Его встретили, как героя, окружили, поздравляли. Омелько прямо с седла пожимал протянутые руки. Его сухое горбоносое лицо было немного бледно, прямой рот подергивала то ли судорога, то ли улыбка. Все словно забыли, что Омелько кривоног, мал ростом: верхом на жеребце он представлялся каким-то сказочным богатырем.

— А мы думали, ты убит! — кричали ему.

— Неужто и не раненый?

— Толково!

Омелько все улыбался.

— Шибко струхнул?

— Вишь, соловый как пузом носит: ровно мехами.

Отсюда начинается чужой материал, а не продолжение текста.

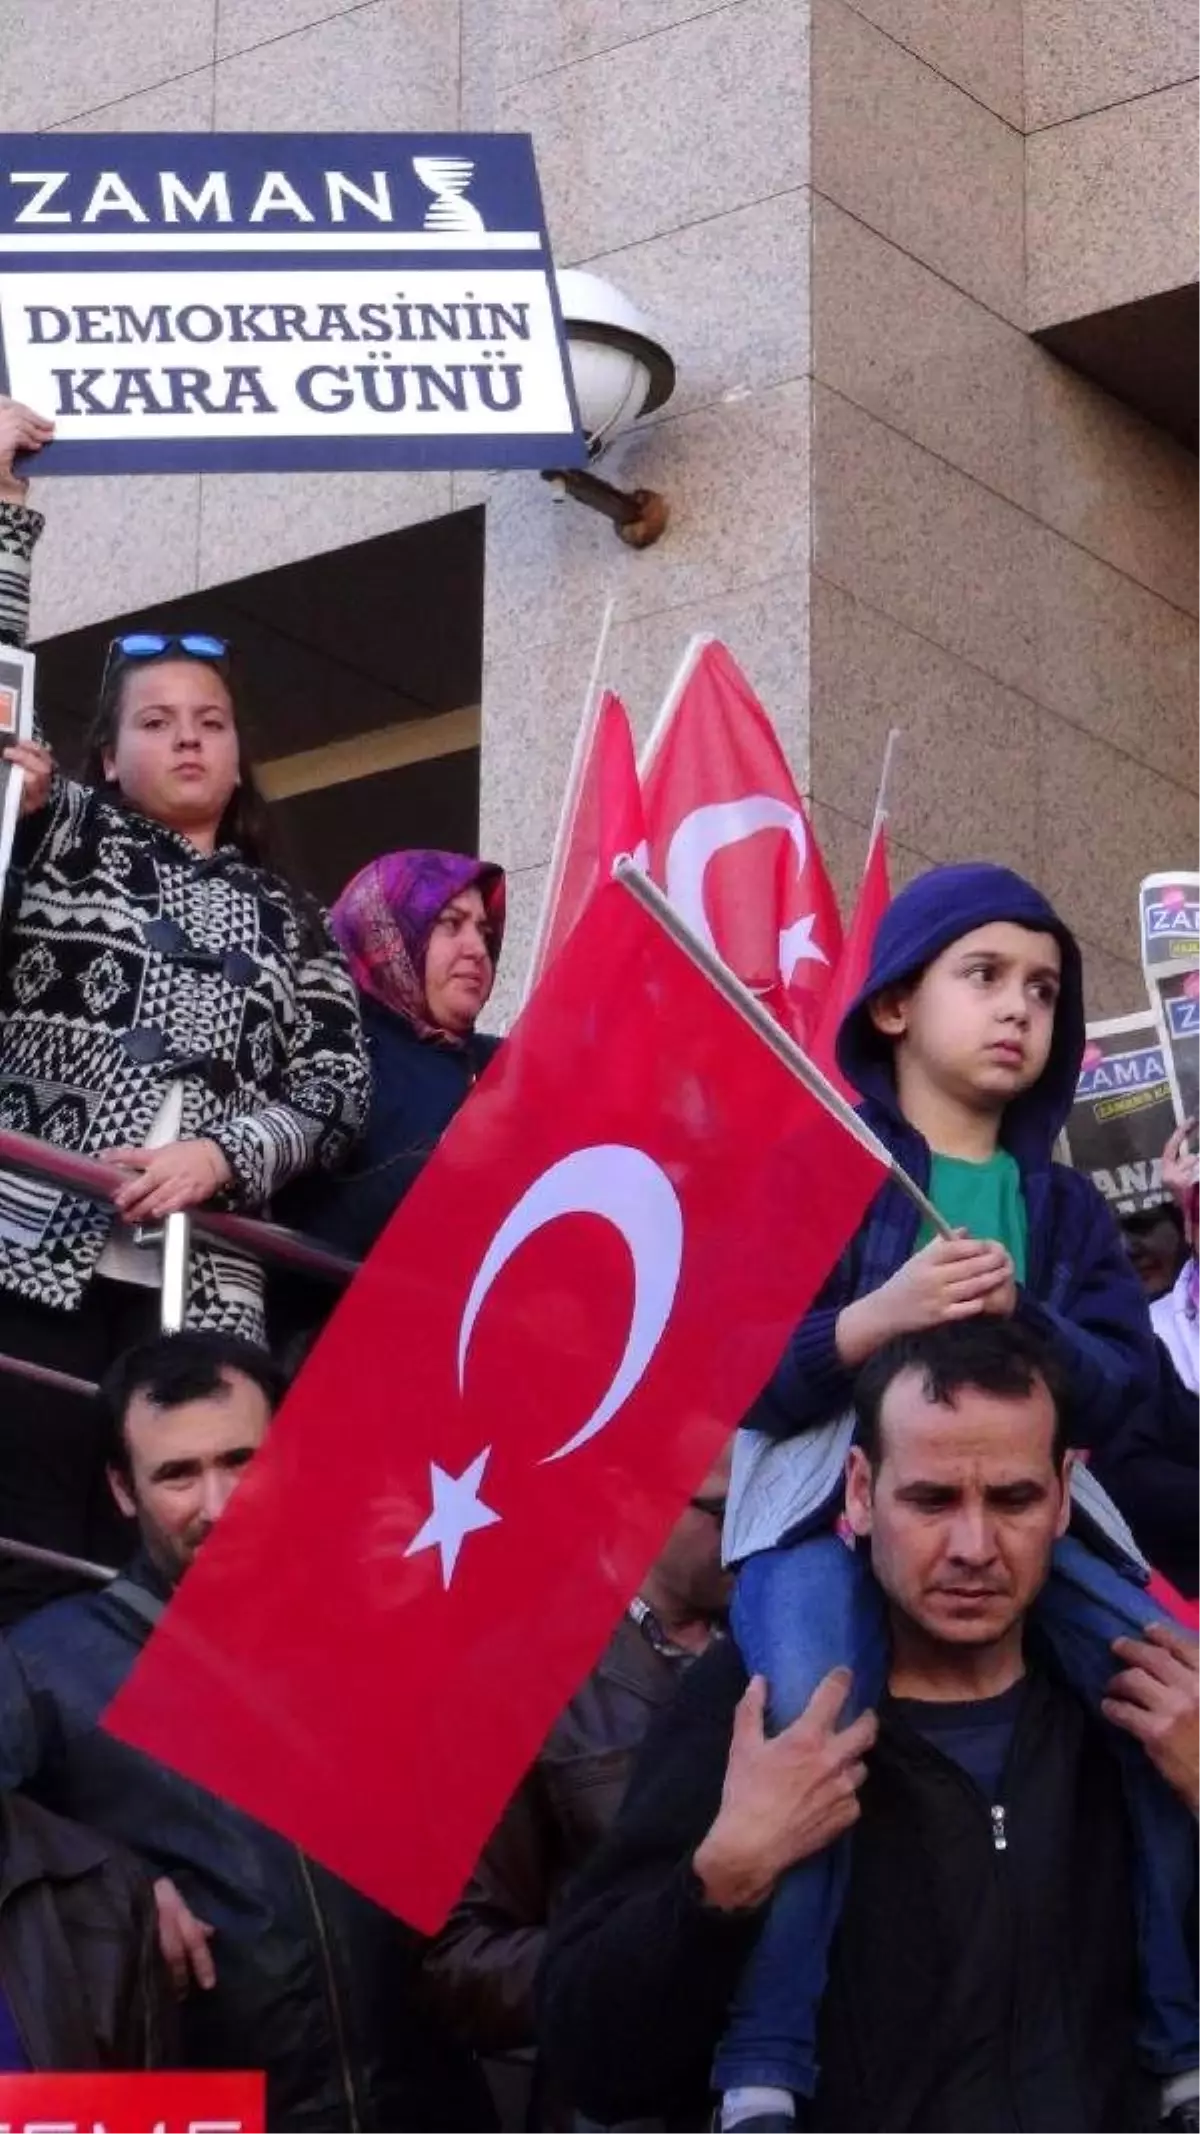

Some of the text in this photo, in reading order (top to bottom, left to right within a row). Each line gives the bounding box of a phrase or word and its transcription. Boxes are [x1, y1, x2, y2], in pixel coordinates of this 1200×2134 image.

[9, 171, 393, 222] ZAMAN
[24, 291, 531, 344] DEMOKRASİNİN
[50, 350, 524, 416] KARA GÜNÜ
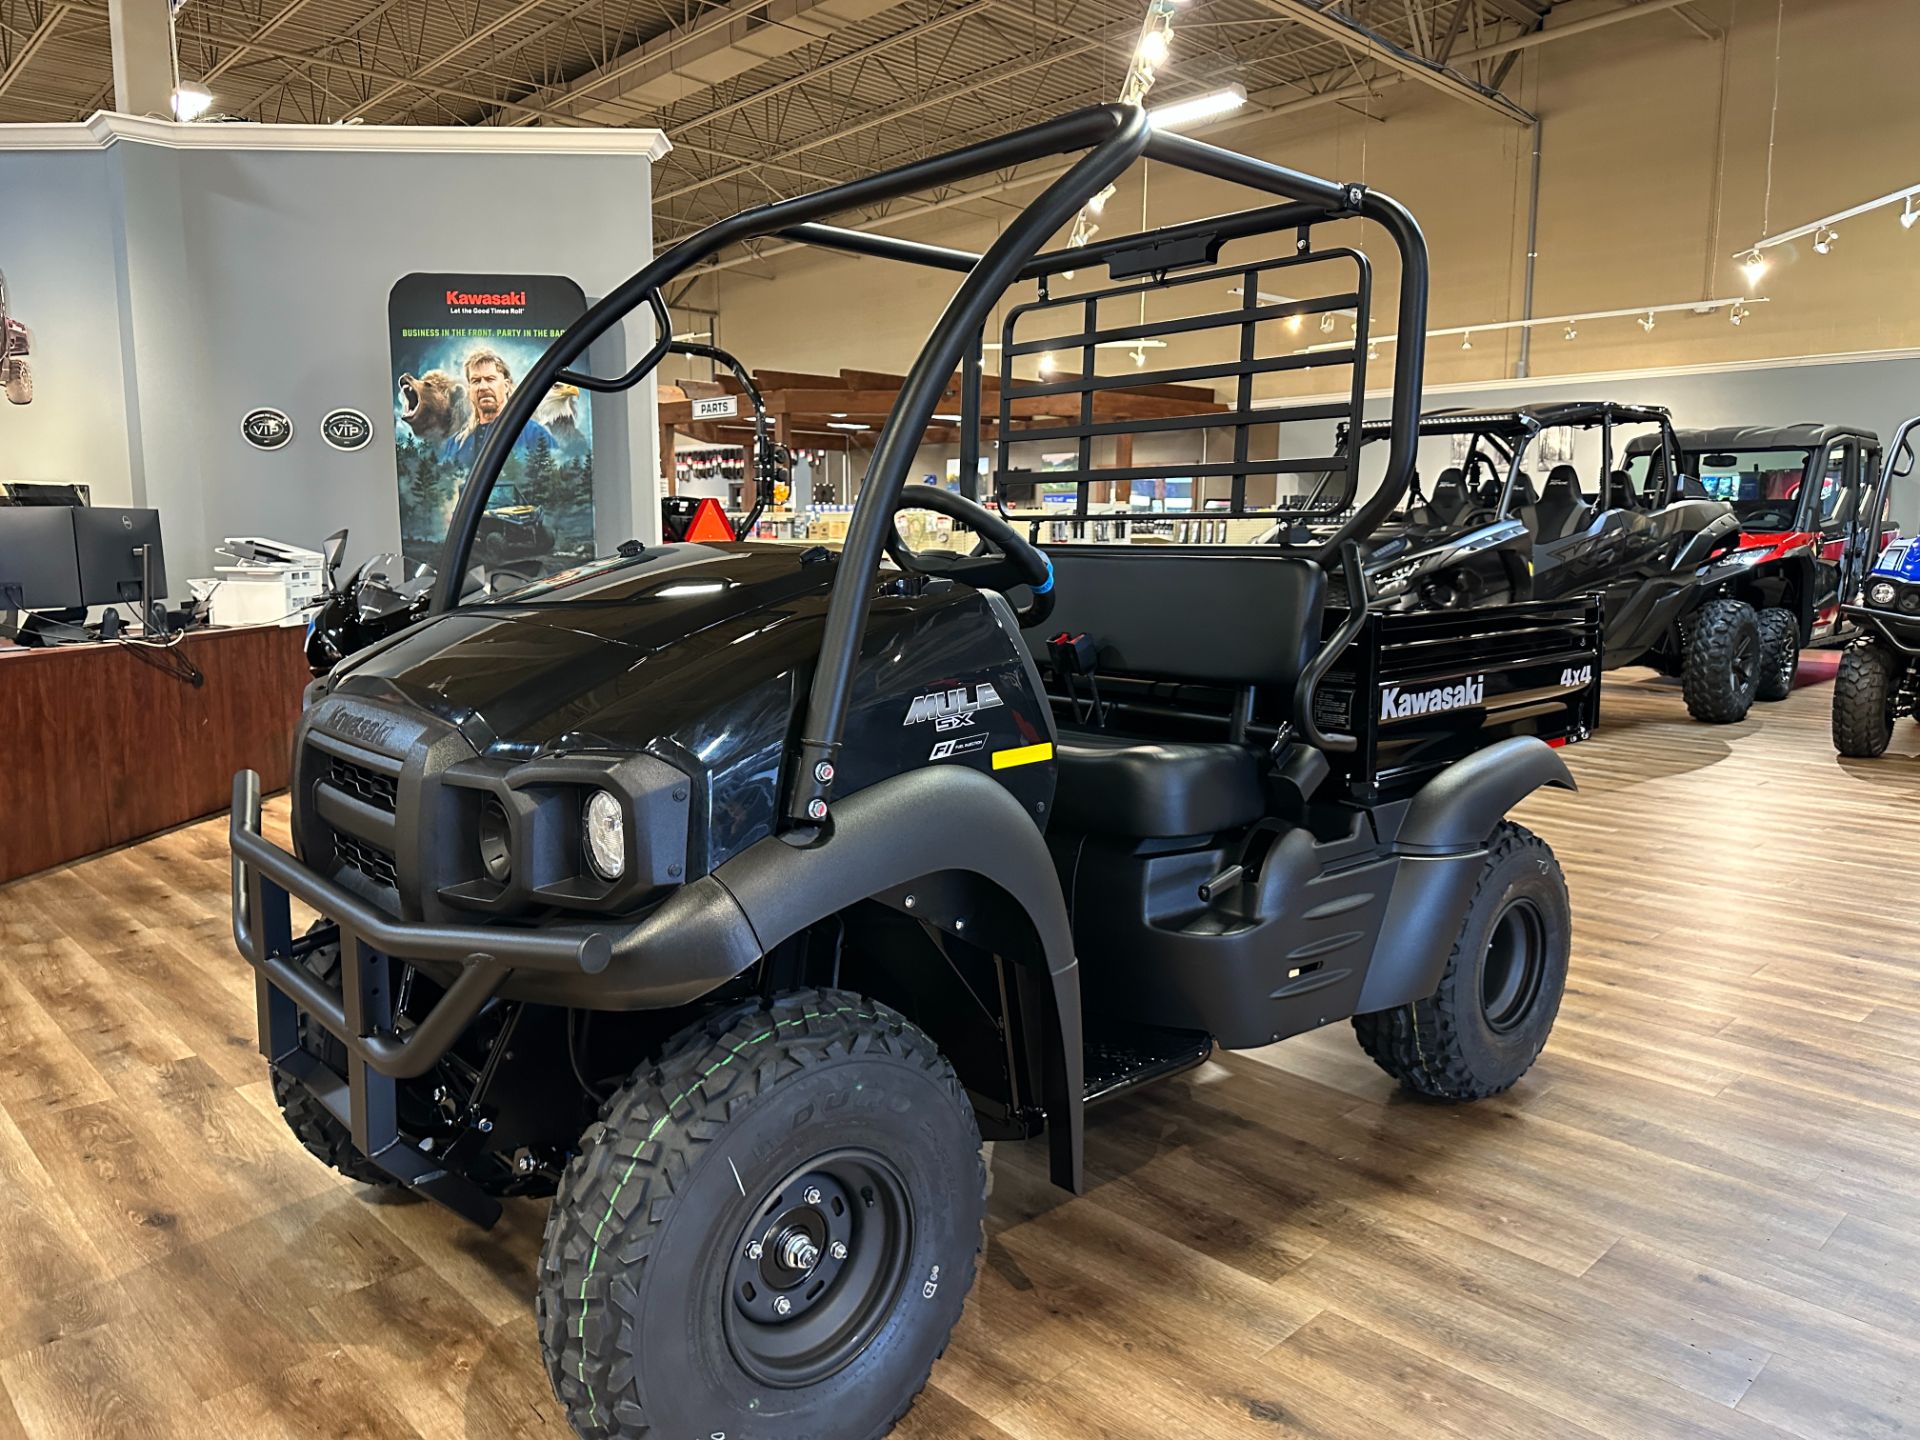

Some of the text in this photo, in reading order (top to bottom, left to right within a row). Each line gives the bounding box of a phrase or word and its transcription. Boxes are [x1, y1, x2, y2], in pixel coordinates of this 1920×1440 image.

[446, 291, 526, 305] Kawasaki
[402, 328, 567, 338] BUSINESS IN THE FRONT. PARTY IN THE BAC
[701, 402, 728, 414] PARTS
[253, 425, 280, 435] VIP
[332, 426, 359, 436] VIP
[1560, 665, 1592, 687] 4x4
[903, 683, 1004, 726] MULE
[1381, 675, 1484, 720] Kawasaki
[936, 711, 976, 732] SX
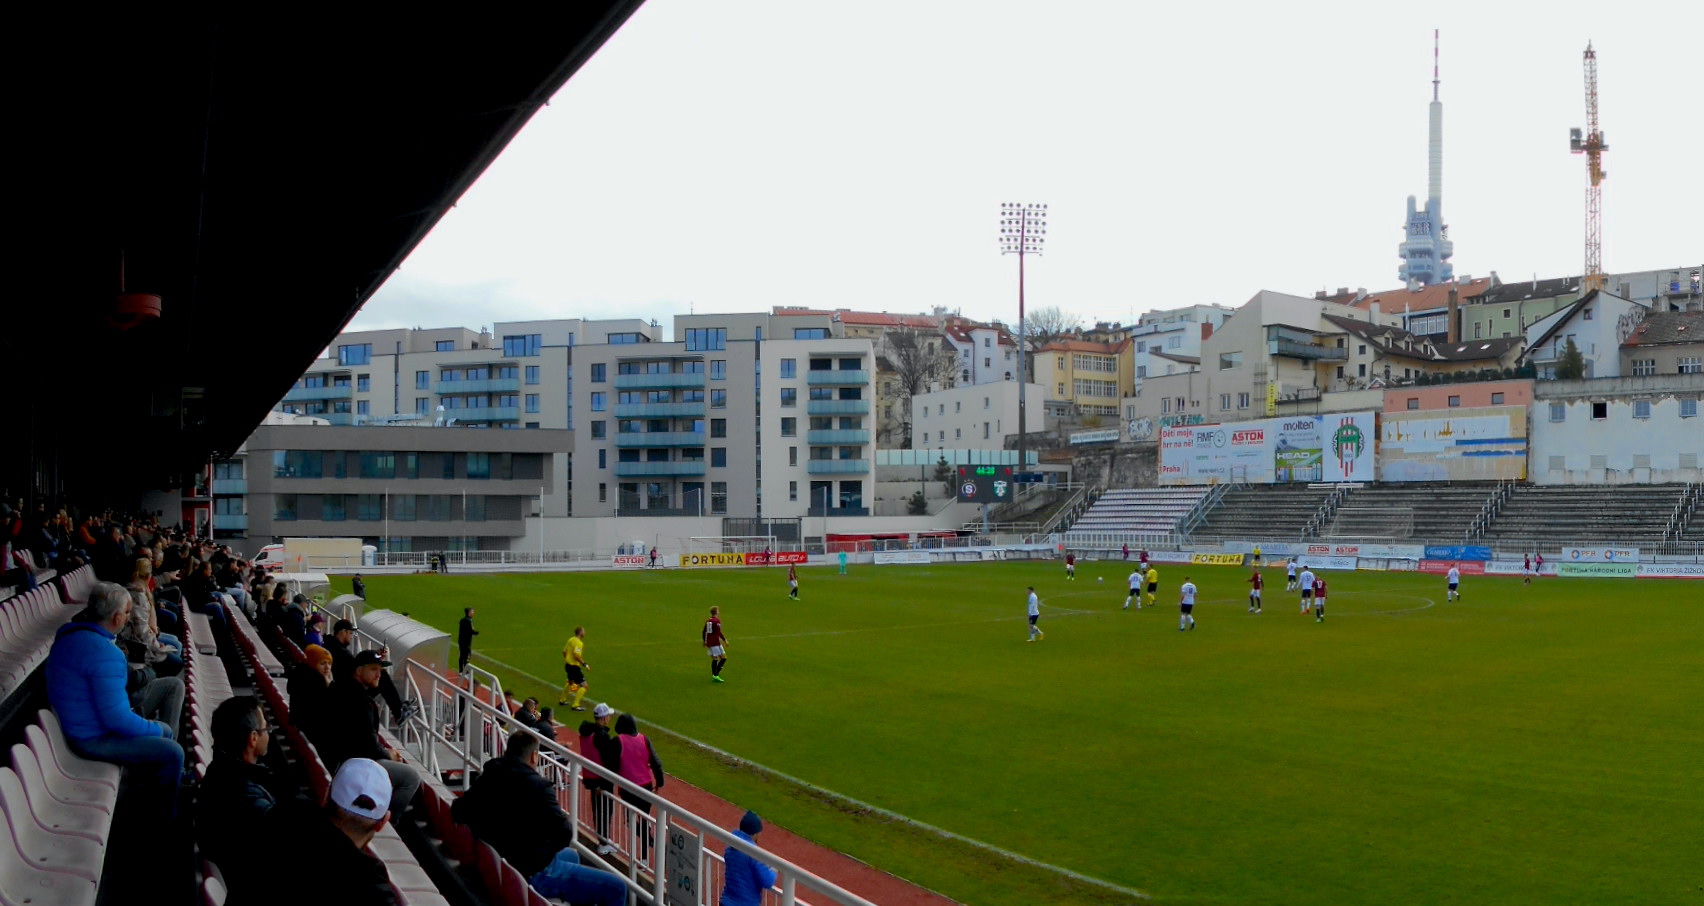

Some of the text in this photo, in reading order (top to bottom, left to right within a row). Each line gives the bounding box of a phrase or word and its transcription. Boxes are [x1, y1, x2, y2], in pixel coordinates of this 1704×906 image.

Омелько пожал плечом: конечно, мол, струхнул, да это ничего.

— Здорово ты его водил. Прямо в мыло вогнал немца. Ай да Омеля, вот это Омеля! Уж колбасник-то, небось, на тебя всю ленту попалил, а ты вон как из воды. А чего же упал-то? Конь споткнулся?

И тут Омелько Лобань впервые открыл рот:

— Не-е-е! Конь справный. Просто обманул я его. Вижу, прицепился, будто шмель, ну, значит, кончать пора. Свистнул своему «Кубарю», он и лег. Обученный он у меня по-запорожскому. Мои предки на Сечи жили…

Вокруг грохнул хохот.

— Винтовки не было, — блеснул Лобань глазами. — Я бы его снял вместе с самолетом.

И все поверили. На районных состязаниях Осоавиахима Лобань занял первое место по стрельбе и рубке лозы. И тут его обступили доярки: они все словно влюбились в Омельку и теперь уже кричали ему без обычных подтруниваний:

— Приходи нынче, Омеля. Гармониста позовем, я только тебя в кавалеры выбирать буду.

— За такого хоть сейчас замуж. Хочешь, поцелую?

— У, нужна ему корявая! Он меня возьмет.

Подъехал Веревкин. Он пожал Лобаню руку, поблагодарил за то, что отвел беду от всей колонны. Потом, когда уже гурты тронулись дальше, подумал: «Вот пригоним скот, Омельку возьмут в армию. Если его не убьют на фронте, вернется с Золотой Звездой».

Однако случай с Лобанем произвел на табор угнетающее впечатление. Люди убедились, что руки у врага длинные. Ночью женщины шикали на тех, кто закуривал; «юнкерсы» могут заметить цыгарку.

XIII

В следующие дни стало еще тревожней. Шепотом передавали, что немецкая танковая армия снова прорвала фронт, быстро движется сюда, а «юнкерсы» сильно бомбят тылы. При переходе через железную дорогу херсонцы увидели разбитый вокзал, сожженные пакгаузы, а на путях составы войск, танков, орудий, спешно направлявшихся к фронту.

Под вечер впереди показалось небольшое местечко, кирпичная труба какого-то заводика, синий лесок. И внезапно близ этого леска вспыхнула глухая винтовочная перестрелка, заговорили автоматы. Колонна остановилась, никто не знал, что происходит. Степь лежала безлюдная в закатном блеске солнца, белели ковыли, полынь у сурчины, да вдалеке темнело круглое озеро, обросшее камышом и похожее на огромный бычий глаз в ресницах.